Two and a half centuries in the future, the United States no longer exists, and daily life for the residents of New England resembles nothing their recent ancestors might have imagined. Physically and politically isolated, citizens of the new sovereign state live in a single, sprawling, highly segregated urban landscape. Centuries old social divisions have now consolidated and dramatically shape where people live, how people work, and most importantly what people consume. Once a harmless idiom, "you are what you eat" is now an incontrovertible doctrine--the key to good health, great influence, and immeasurable power. Few understand this better than Civet Olkin, founder of Bītlogik, New England’s first Gastronomic Relations consultancy.

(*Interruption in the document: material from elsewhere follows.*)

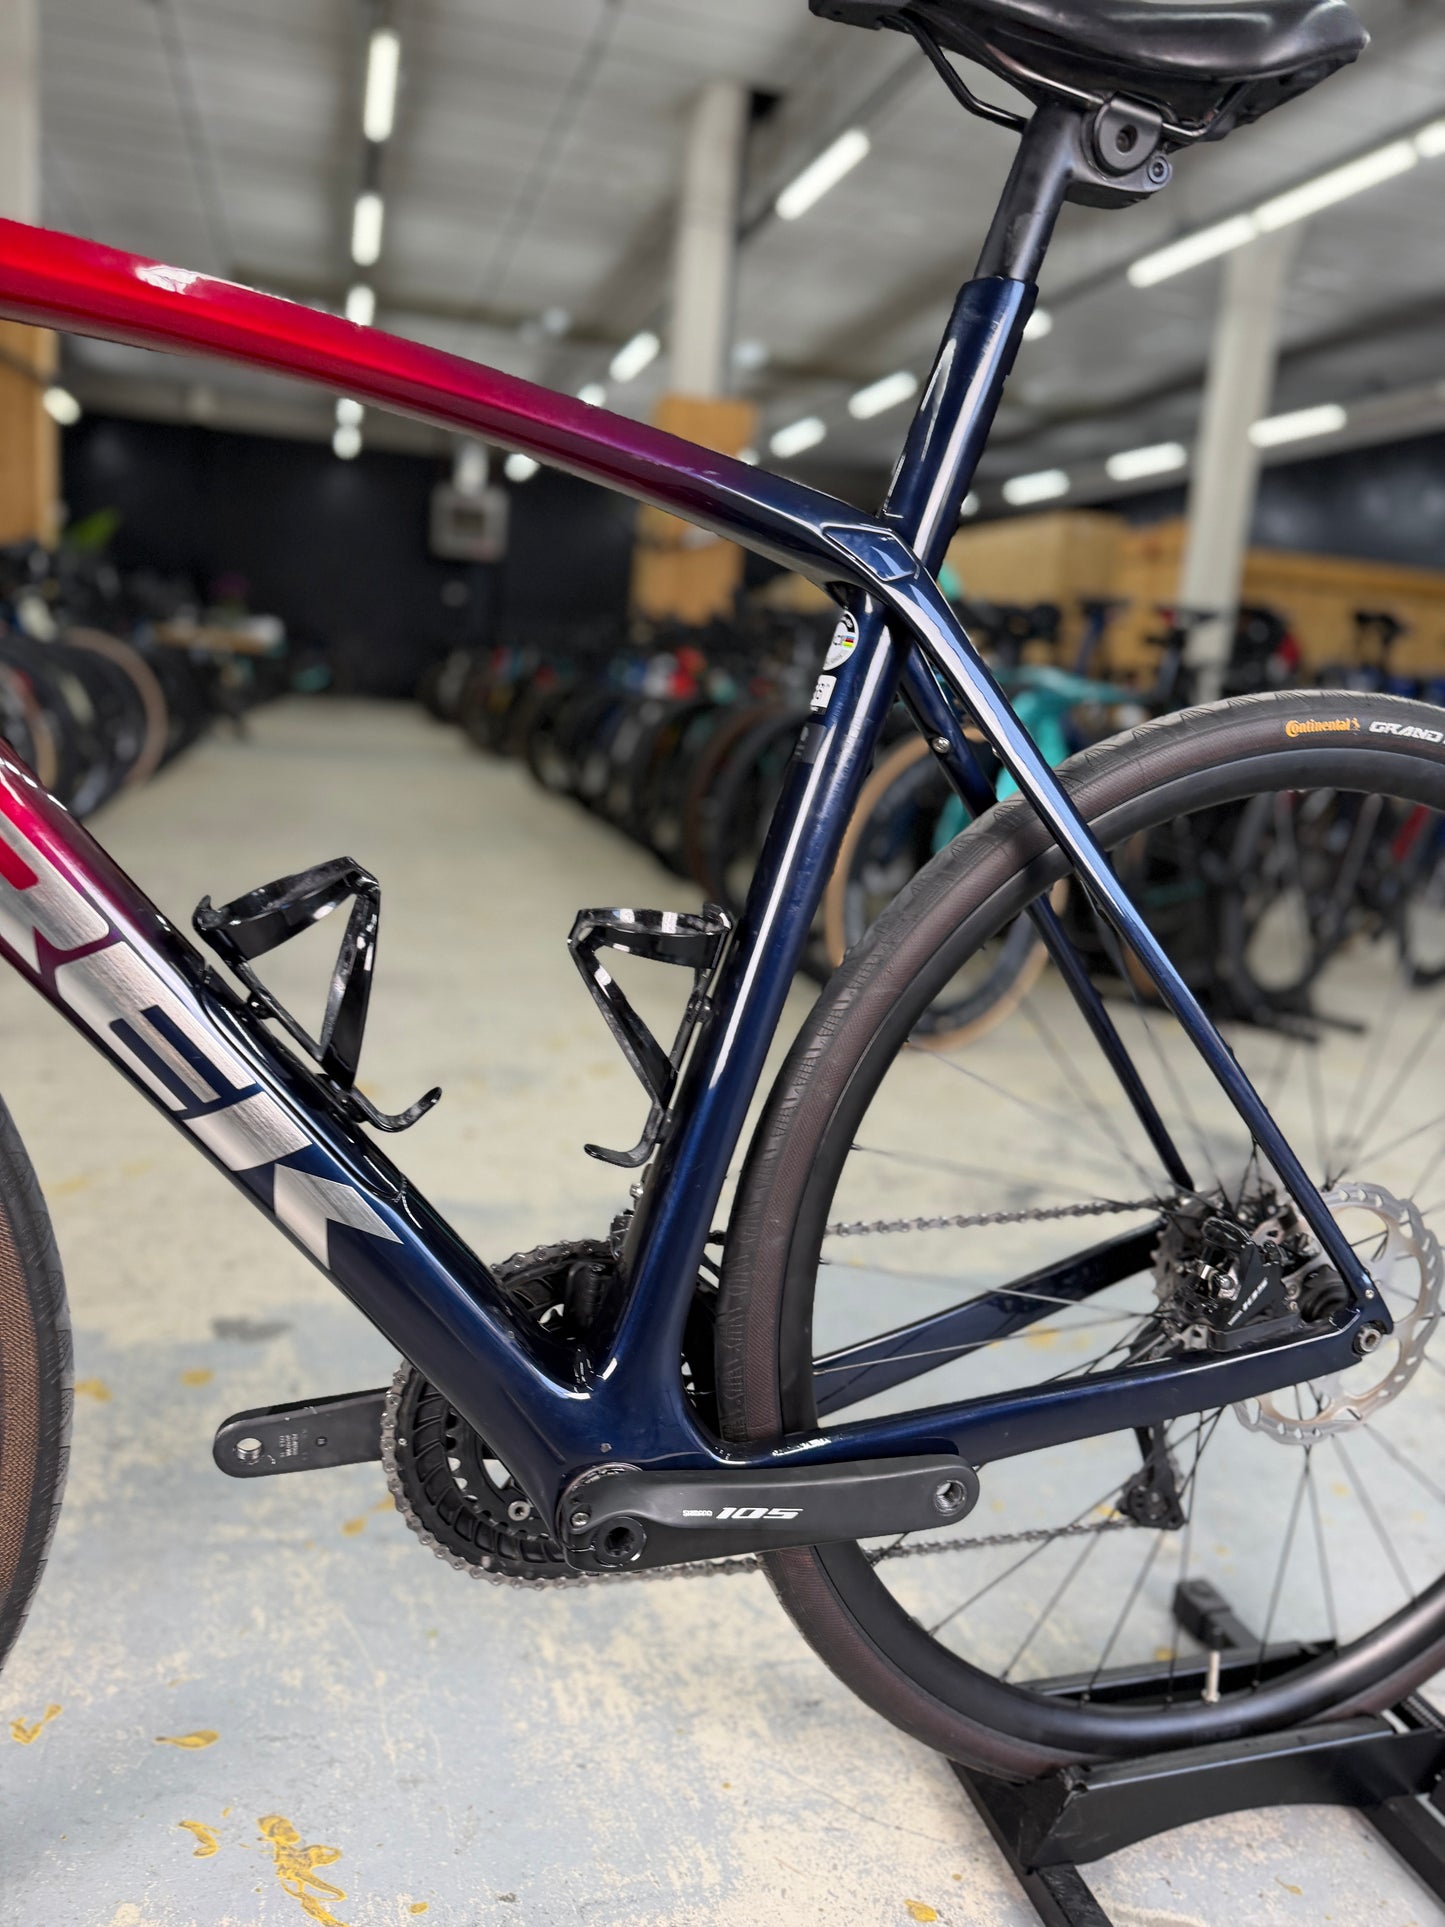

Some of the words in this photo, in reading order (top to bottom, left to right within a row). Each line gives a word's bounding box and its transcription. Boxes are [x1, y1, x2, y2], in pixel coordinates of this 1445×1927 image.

[1285, 717, 1351, 738] Continental
[1369, 721, 1443, 743] GRAND
[716, 1507, 804, 1519] 105

After Walker Wilson--infamous professional football player and one of Bītlogik’s biggest clients--commits a devastating gustatory mishap, Civet must scramble to save her reputation and her firm. When Civet stumbles onto an explosive chain of secrets connected to Karceral Agriculture, the powerful government-backed farm responsible for feeding the state’s 800 million residents, the Wilson scandal proves to be much more than a professional quagmire. Beset with a crisis of conscience and stalked by those who would go to any lengths to keep secrets silent, Civet must find a way out or be consumed by the food system that holds the state in thrall.
J. Nikol Jackson-Beckham is a professor of Communication Studies at Randolph College, She holds degrees from Virginia Tech, San Diego State University, and the University of North Carolina at Chapel Hill. She is the author of a handful of published short stories and poems, scholarly journal articles, and academic book chapters.
Jackson-Beckham is currently creating a work of serialized speculative fiction called WITHOUT LIGHT. The series is an extension of many of the ideas and concepts that she works with in her academic research. The first installment, Independence Cycle | Part 1 will be published in February 2017.
Her forthcoming monograph The Value of a Pint: American Beer, Cultural Change, and the Stubborn Materiality of Contemporary Capitalism is under contract with the University of Nebraska Press.